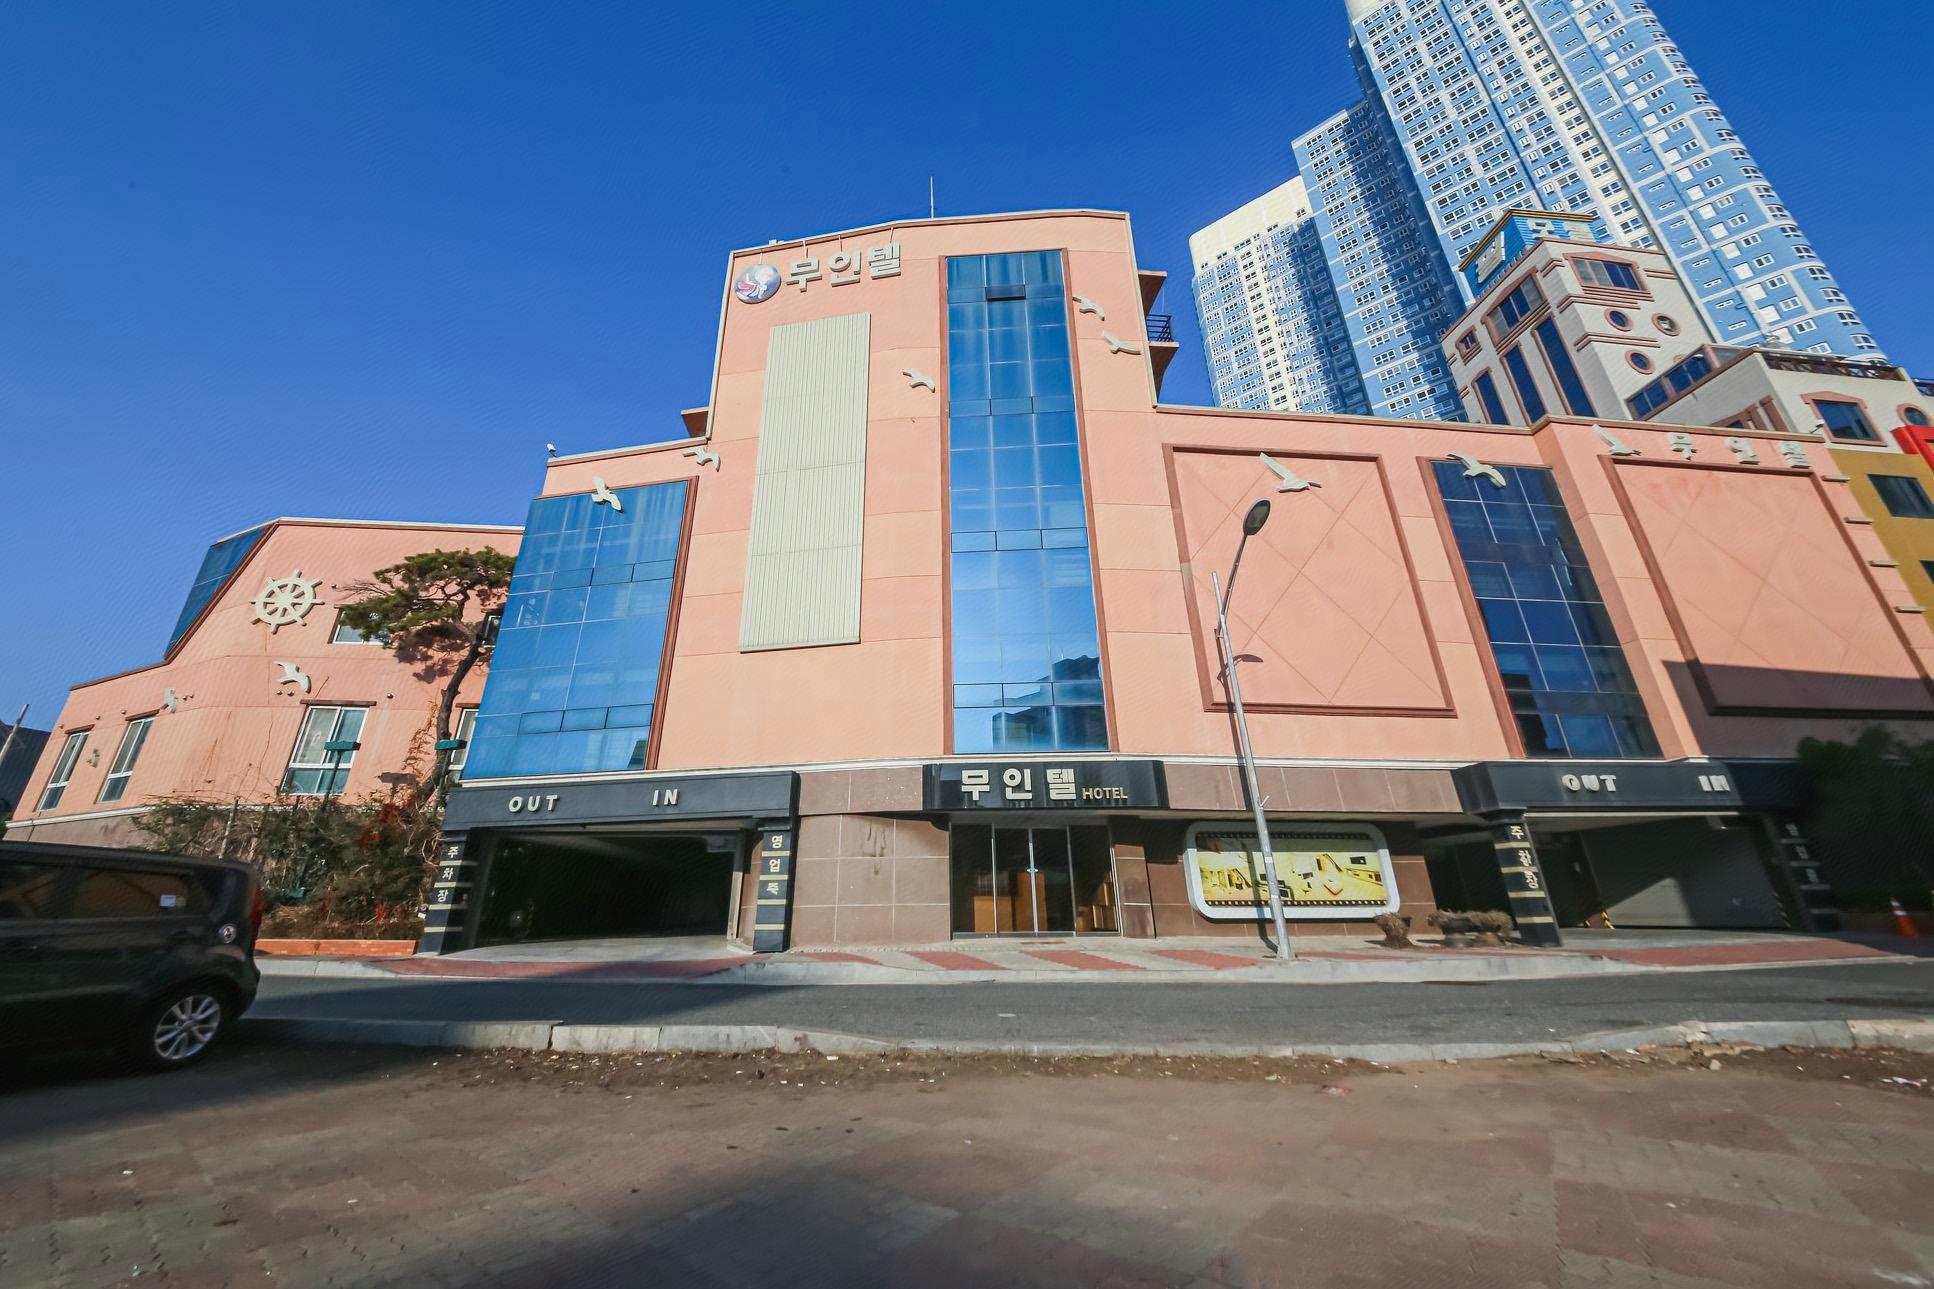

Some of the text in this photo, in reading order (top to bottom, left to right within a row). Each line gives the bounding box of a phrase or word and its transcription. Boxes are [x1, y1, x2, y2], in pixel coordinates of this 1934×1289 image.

[786, 242, 901, 292] 무인텔
[961, 768, 1128, 801] 무인텔 HOTEL
[1561, 773, 1617, 792] OUT
[1698, 774, 1731, 792] IN
[508, 794, 560, 812] OUT
[652, 788, 679, 806] IN
[437, 846, 459, 902] 주차장
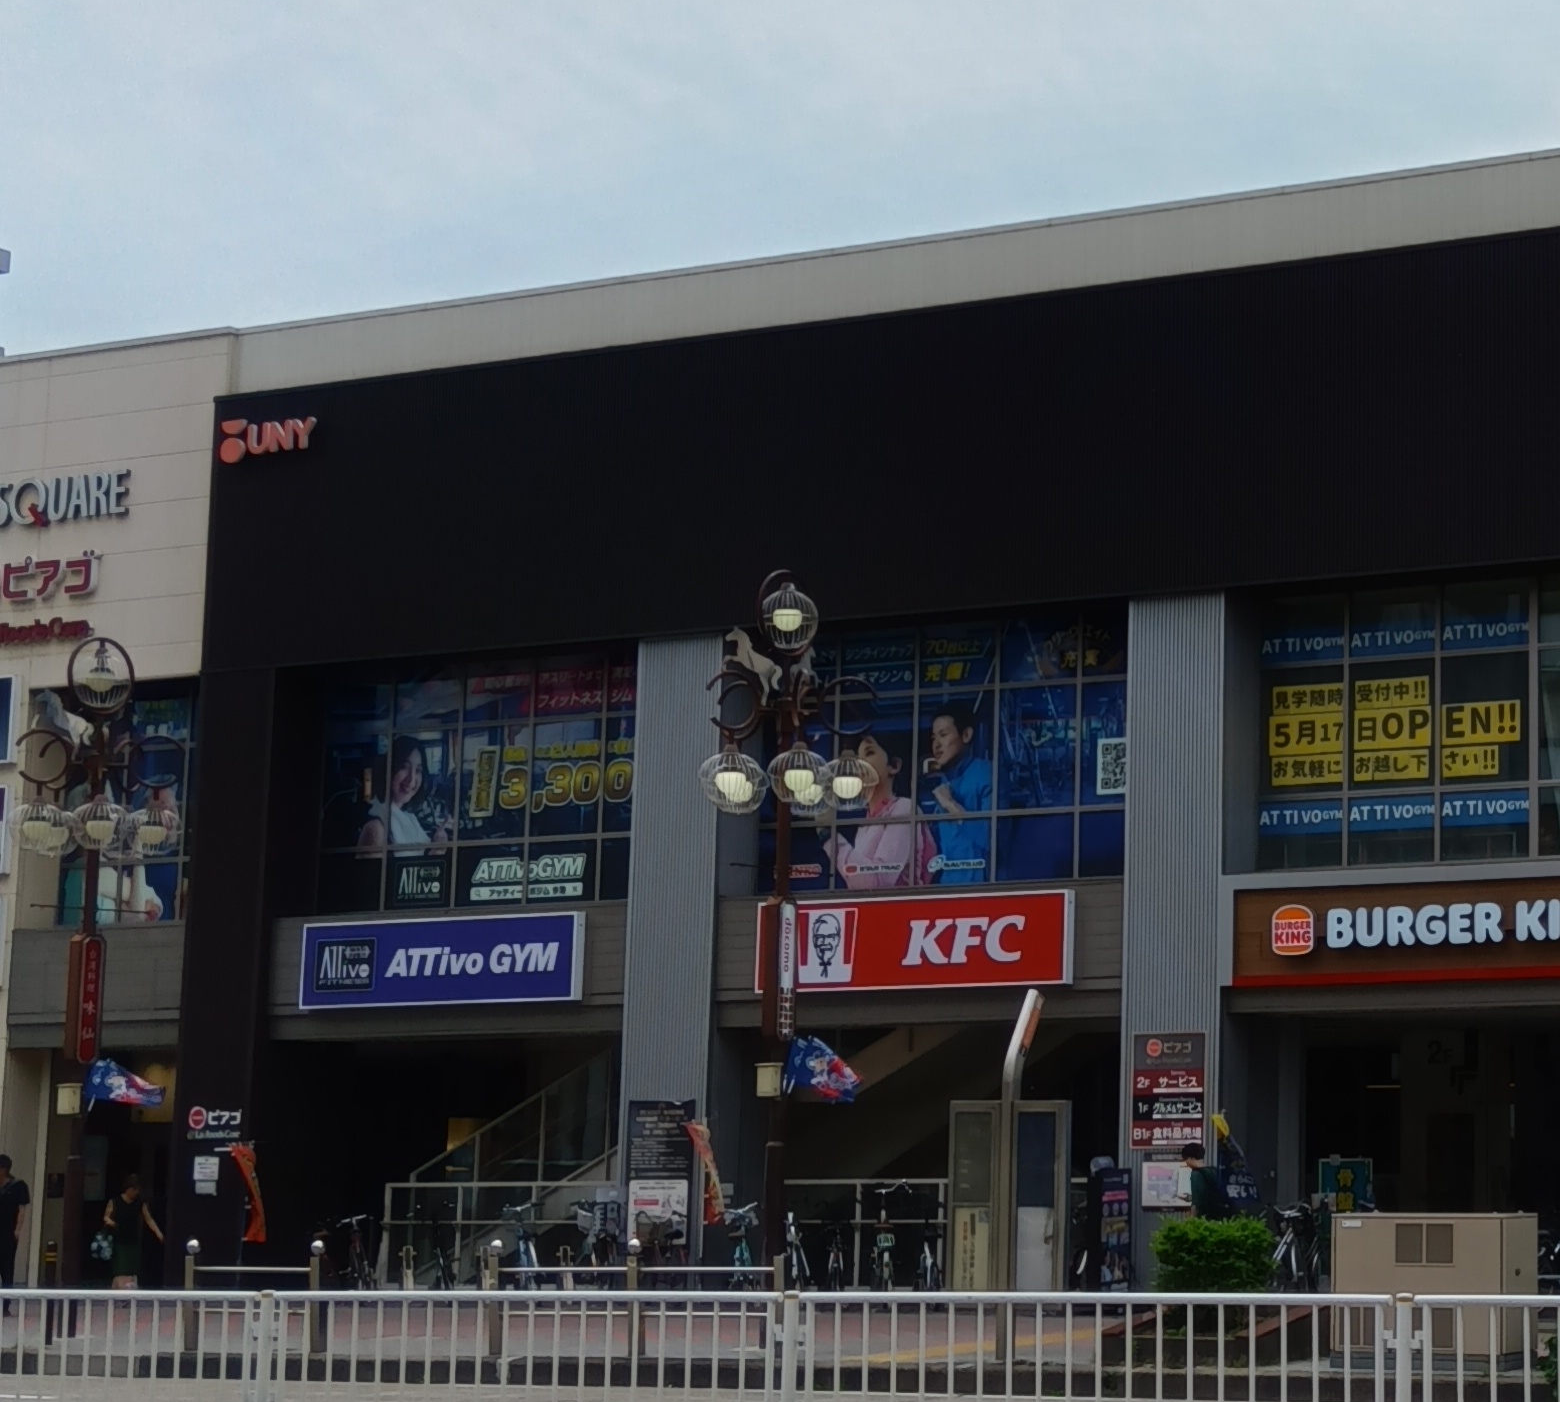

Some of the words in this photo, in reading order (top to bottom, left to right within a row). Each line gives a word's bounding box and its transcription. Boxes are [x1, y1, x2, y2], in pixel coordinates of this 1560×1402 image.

[247, 416, 317, 454] UNY
[3, 549, 98, 599] ピアゴ
[1275, 920, 1311, 932] BURGER
[1327, 902, 1504, 948] BURGER
[901, 915, 1026, 967] KFC
[1275, 930, 1311, 946] KING
[384, 947, 484, 978] ATTivo
[489, 942, 559, 974] GYM
[1136, 1077, 1151, 1089] 2F
[1158, 1075, 1198, 1088] サービス
[1138, 1102, 1149, 1114] 1F
[208, 1108, 242, 1125] ピアゴ
[1133, 1128, 1152, 1140] B1F
-- -- --
WORK REQUEST:
Except for the pictures, set down all of the records exactly.

SOLUTION BELOW:
Some of the text in this photo, in reading order (top to bottom, left to right within a row). Each line gives the bounding box of a phrase or word and its transcription. Boxes are [x1, y1, x2, y2], in pixel coordinates of this 1934×1289 image.

[786, 242, 901, 292] 무인텔
[961, 768, 1128, 801] 무인텔 HOTEL
[1561, 773, 1617, 792] OUT
[1698, 774, 1731, 792] IN
[508, 794, 560, 812] OUT
[652, 788, 679, 806] IN
[437, 846, 459, 902] 주차장

Some of the words in this photo, in reading order (top to bottom, left to right within a row). Each line gives a word's bounding box and its transcription. Boxes are [x1, y1, x2, y2], in pixel coordinates of this 1560×1402 image.

[247, 416, 317, 454] UNY
[3, 549, 98, 599] ピアゴ
[1275, 920, 1311, 932] BURGER
[1327, 902, 1504, 948] BURGER
[901, 915, 1026, 967] KFC
[1275, 930, 1311, 946] KING
[384, 947, 484, 978] ATTivo
[489, 942, 559, 974] GYM
[1136, 1077, 1151, 1089] 2F
[1158, 1075, 1198, 1088] サービス
[1138, 1102, 1149, 1114] 1F
[208, 1108, 242, 1125] ピアゴ
[1133, 1128, 1152, 1140] B1F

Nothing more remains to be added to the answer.